• [Task to complete]:
Taking the line with "this 1280×1792 image." as the first and the line with "Some of the text" as the last, set down the lines below exactly, pictures excluded.

• [Given entries]:
···
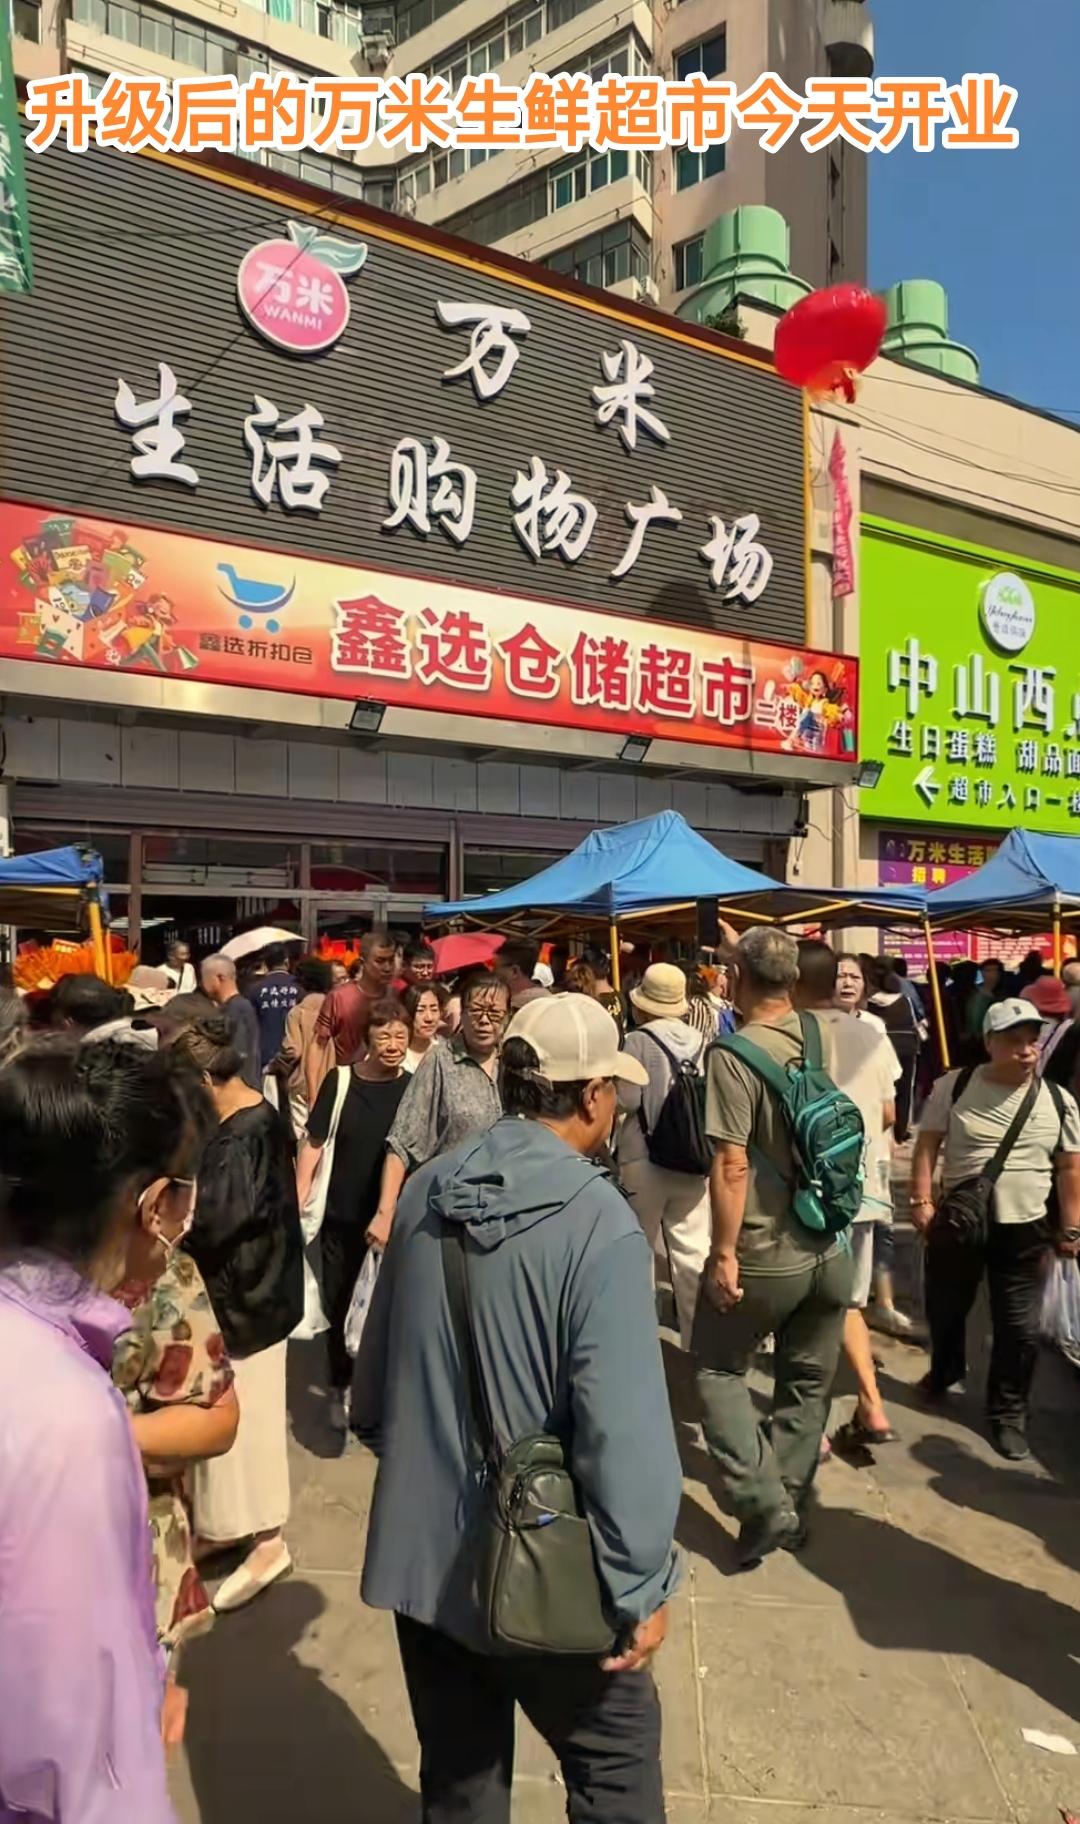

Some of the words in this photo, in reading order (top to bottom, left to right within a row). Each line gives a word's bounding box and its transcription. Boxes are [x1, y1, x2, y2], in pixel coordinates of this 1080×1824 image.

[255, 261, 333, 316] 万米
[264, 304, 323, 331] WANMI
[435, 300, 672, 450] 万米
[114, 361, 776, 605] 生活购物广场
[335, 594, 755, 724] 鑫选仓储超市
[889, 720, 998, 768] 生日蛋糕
···
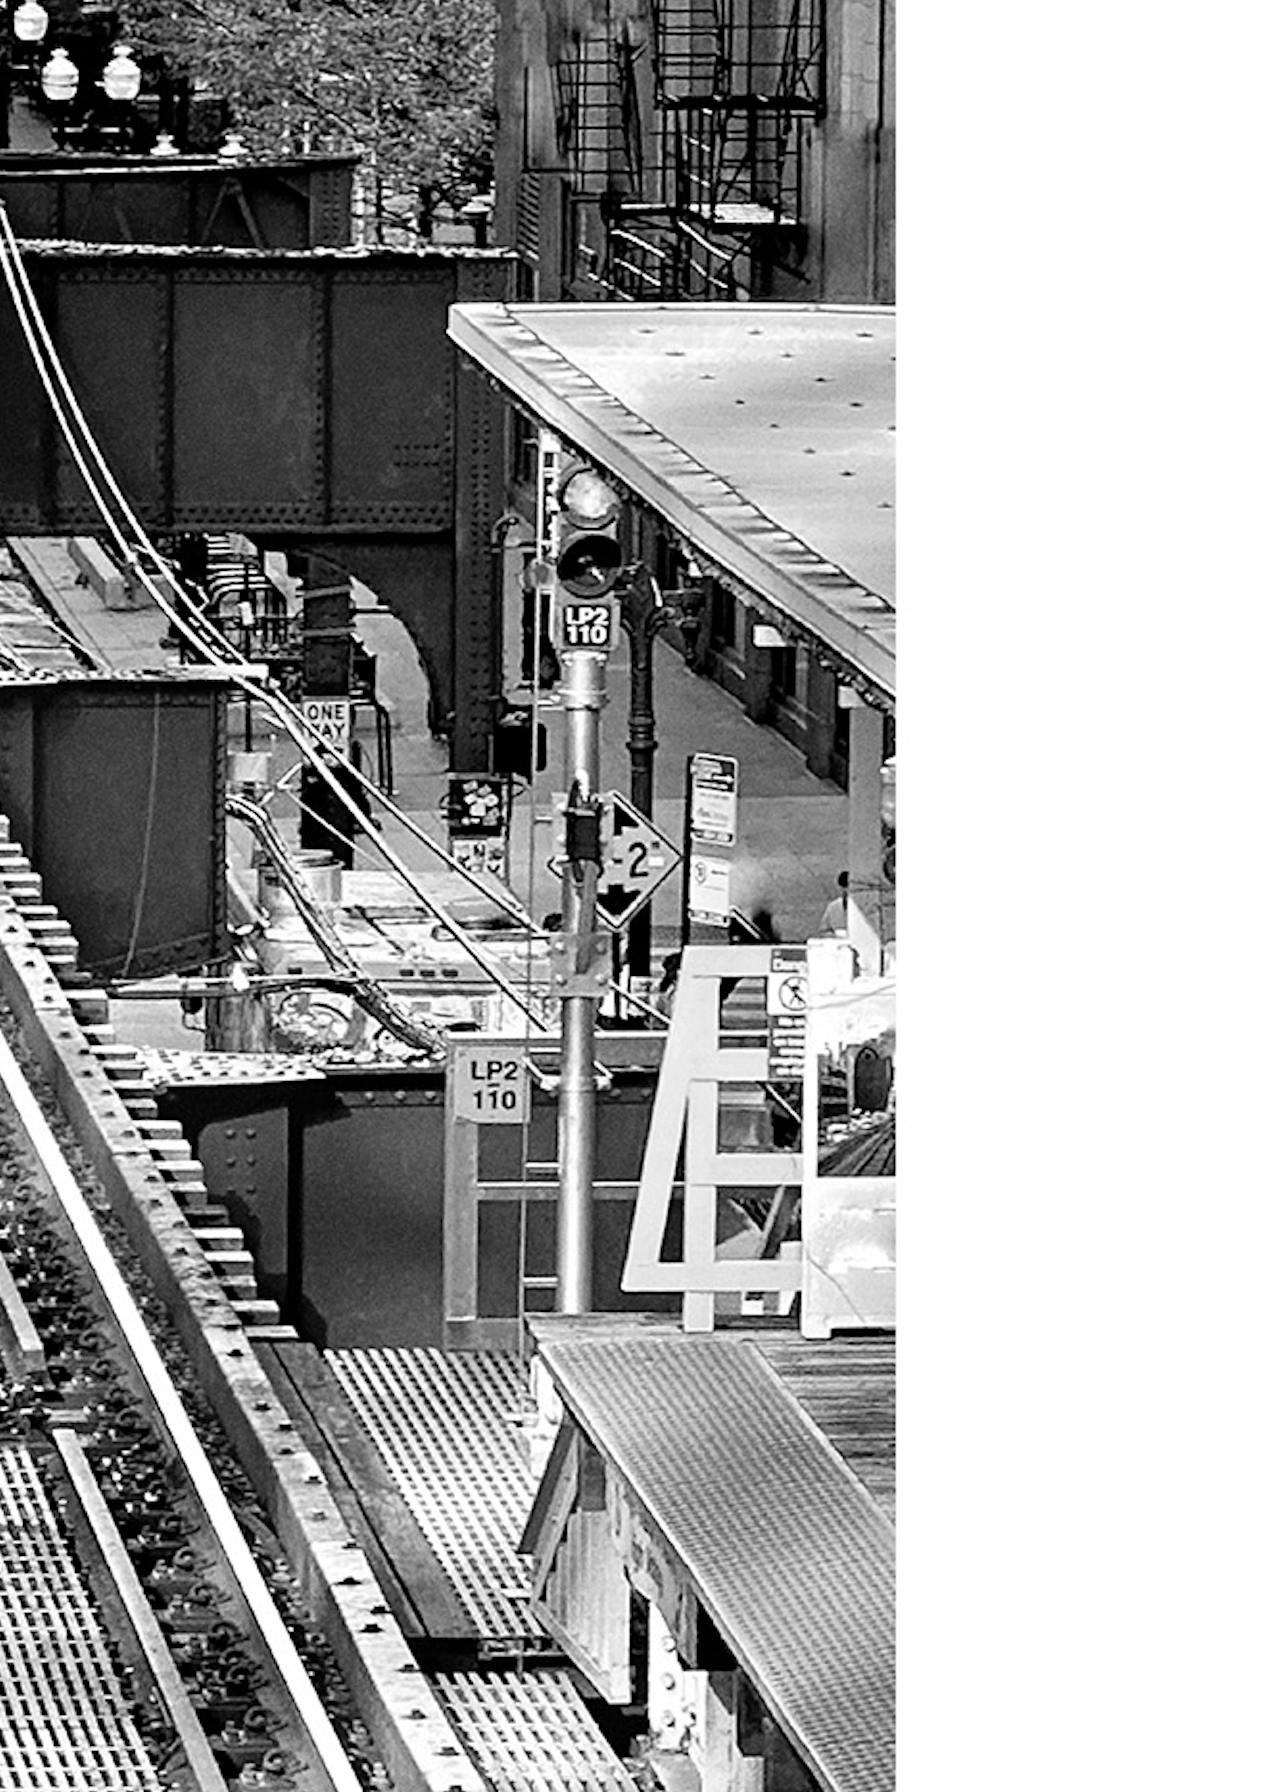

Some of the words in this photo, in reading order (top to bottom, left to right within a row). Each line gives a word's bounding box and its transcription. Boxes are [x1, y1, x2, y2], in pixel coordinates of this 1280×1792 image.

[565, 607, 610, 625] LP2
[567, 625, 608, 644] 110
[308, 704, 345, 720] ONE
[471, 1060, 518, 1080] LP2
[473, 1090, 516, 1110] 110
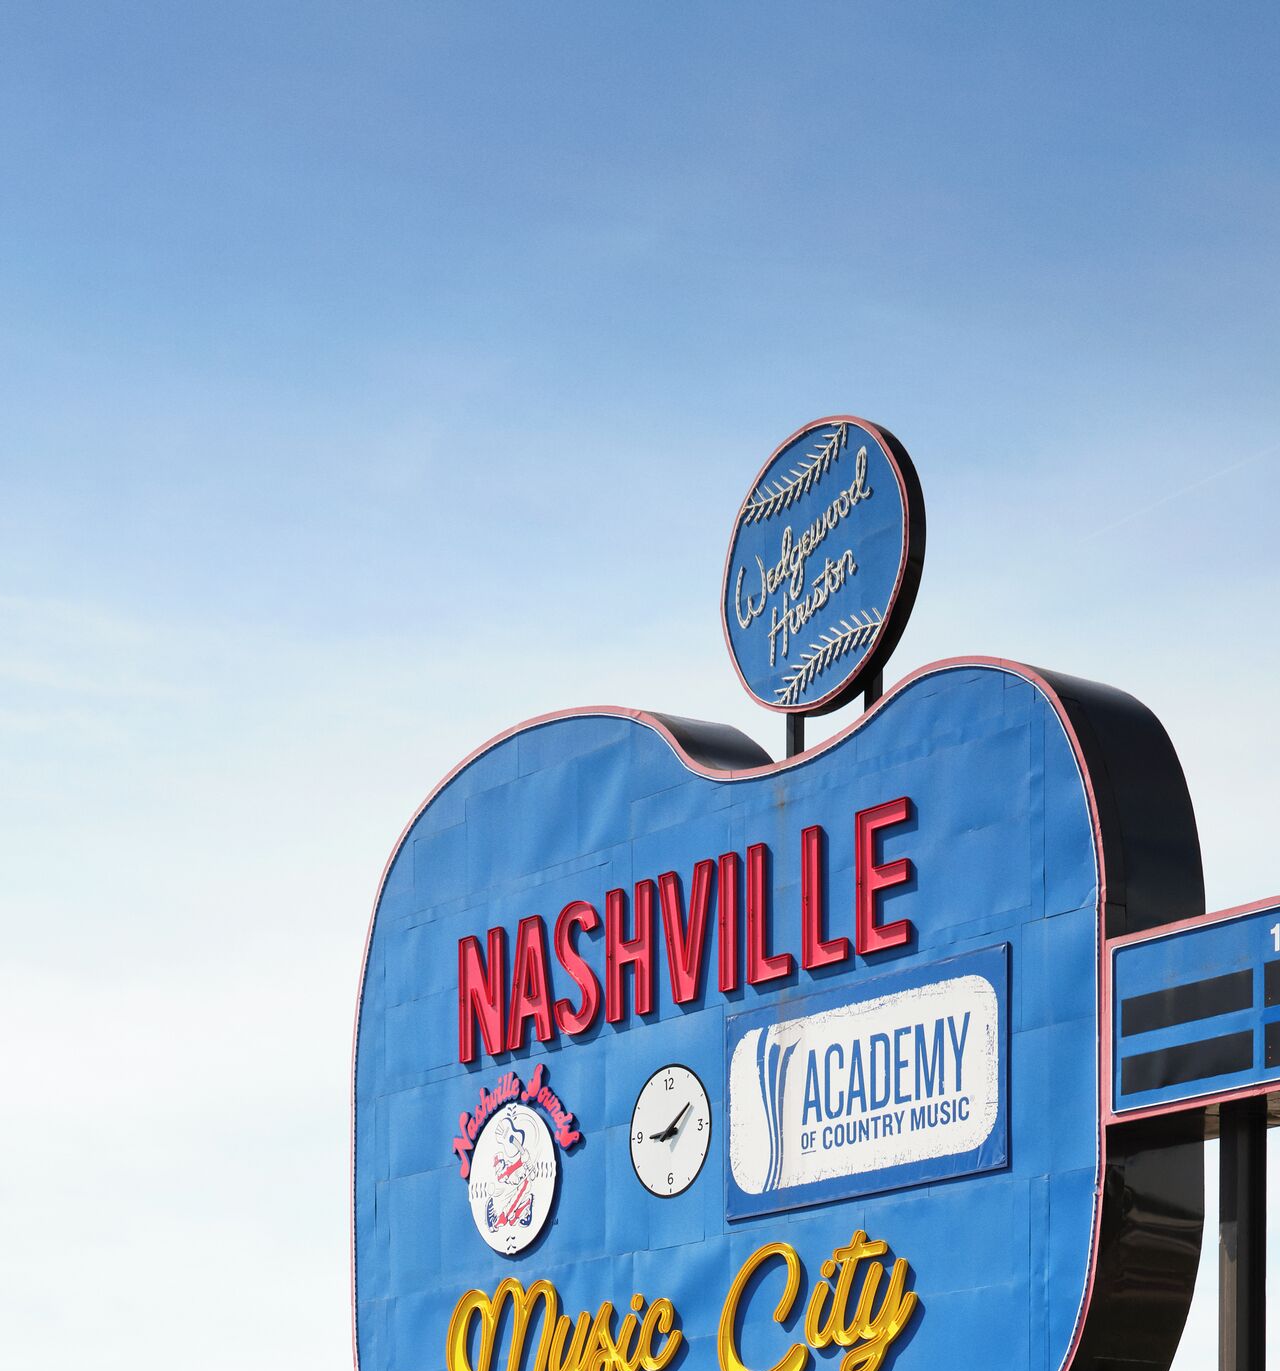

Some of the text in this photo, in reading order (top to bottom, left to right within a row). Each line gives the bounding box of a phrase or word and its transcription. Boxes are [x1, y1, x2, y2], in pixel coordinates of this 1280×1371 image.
···
• [The completed task]:
Some of the words in this photo, in reading order (top to bottom, left to right within a row). Each line gives a word's bounding box and its transcription. Boxes are [x1, y1, x2, y2], in pixel coordinates of this 1280×1792 image.

[565, 607, 610, 625] LP2
[567, 625, 608, 644] 110
[308, 704, 345, 720] ONE
[471, 1060, 518, 1080] LP2
[473, 1090, 516, 1110] 110

Some of the text in this photo, in reading order (top to bottom, left to right within a row). Each line gives the bounding box of a phrase or word and its transcription. Boxes are [x1, y1, x2, y2], in pixel coordinates of this 1280×1371 image.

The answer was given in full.